I have two queries here,
Can $g(z) = f(\bar{z})$ , and $h(z)$ = $\overline{f(z)}$ be analytic in D?
If $g(z)$ and $h(z)$ both are analytic in D then what can be said about $f(z)$ throughout $D$.
My approach was:
I tried using the equations $$\frac{df}{d\bar{z}} = \frac{d\overline{f}} {d\bar{z}} =0 ---- (1) $$
$\frac{dg(z)}{d\bar{z}} \neq 0 $ as $g(z)$ depends on $\bar{z}$ but $\overline{f(z)}$ can be analytic.
Hence $g(\bar{z}) $ cannot be analytic but $\overline{f(z)} $ is analyic if it is a constant.
But this logic contradicts statement of my query.
Please help
Thanks.
Take $g(z)$ to be any analytic function and define $f(z)=g(\bar{z})\ \ $ ($f$ is anti-holomorphic).
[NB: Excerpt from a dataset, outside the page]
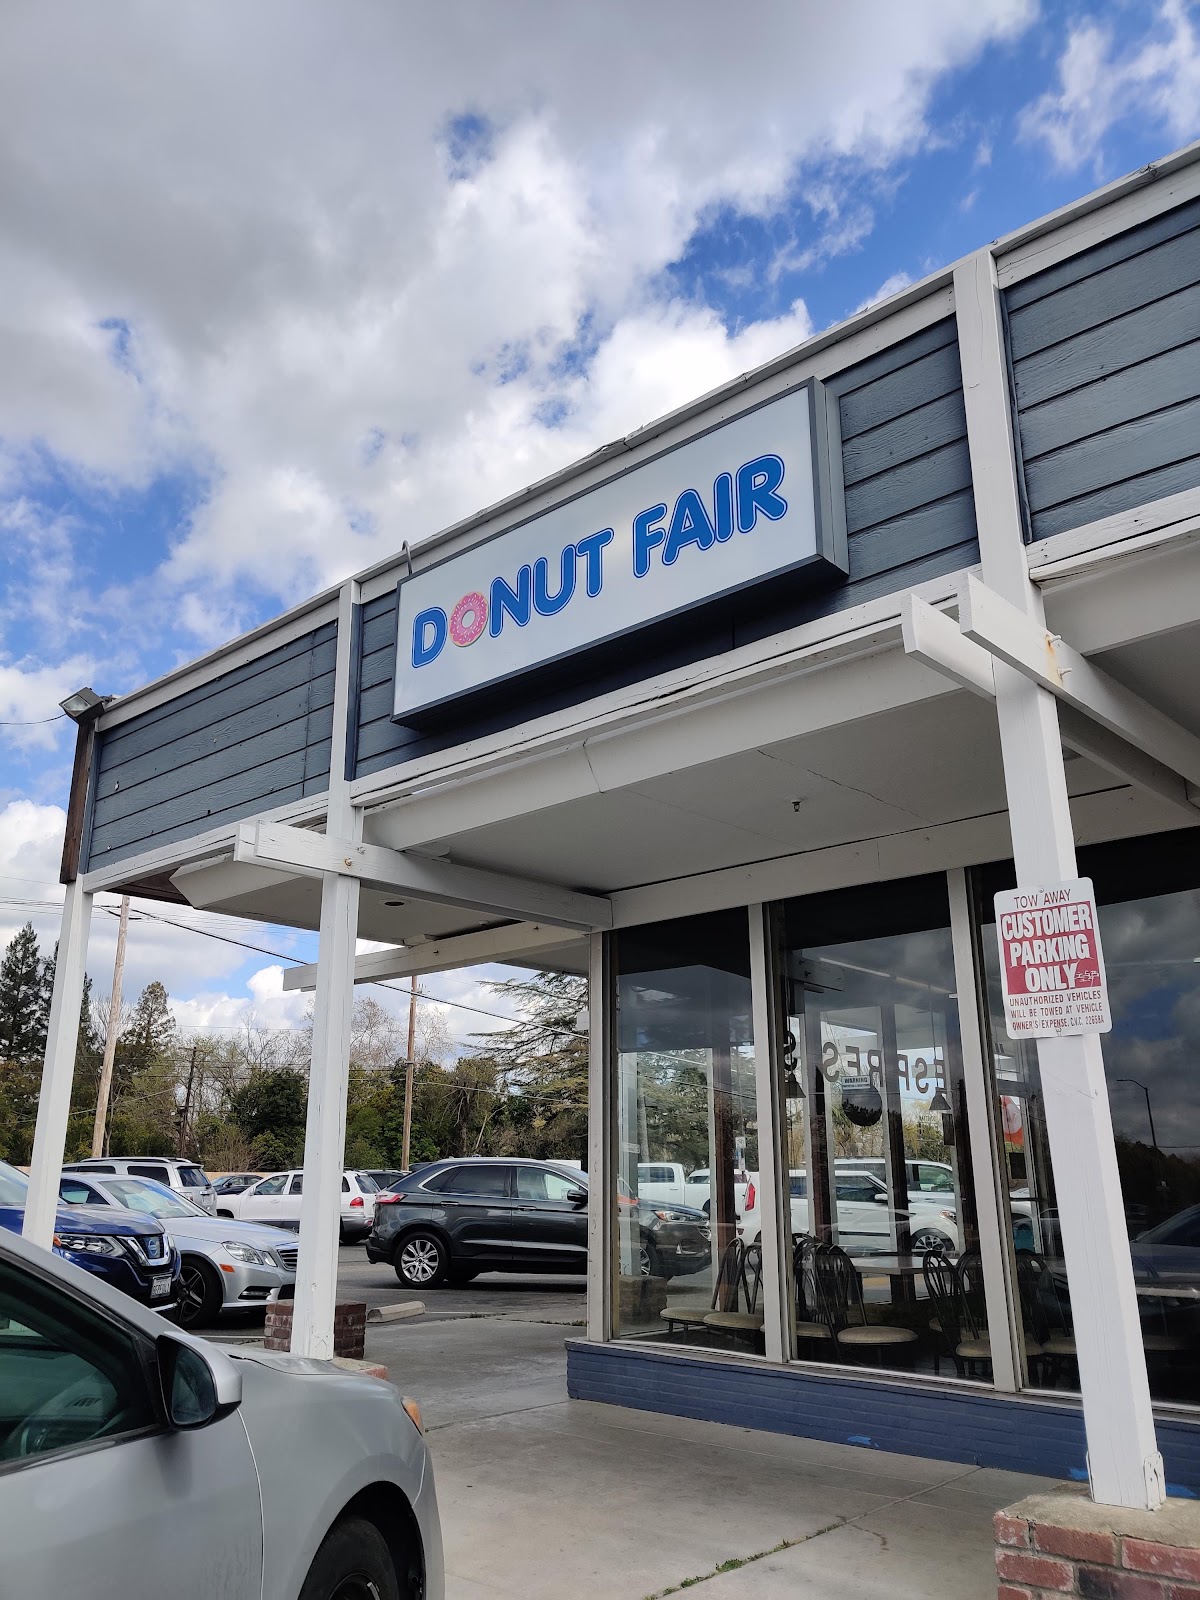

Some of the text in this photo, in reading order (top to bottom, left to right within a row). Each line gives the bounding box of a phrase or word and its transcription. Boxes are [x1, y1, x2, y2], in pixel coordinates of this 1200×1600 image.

Then $g(z)=f(\bar{z})$ is analytic by definition. Now the function $h(z)=\overline{f(z)} = \overline{g(\bar{z})} = \overline{g}(z)$ is again analytic. For the definition of the last function you may e.g. think of $ g(z) = \sum_k a_k z^k$ for which $\bar{g}(z)=\sum_k \bar{a_k} z^k$.
If $g$ is holomorphic in $D$ then $h$ is holomorphic in $\overline{D}$ (which equals $D$ if $D$ means the unit disk). So $f$ is anti-holomorphic in the union of $D$ and $\overline{D}$. (and $h$ and $g$ are analytic there).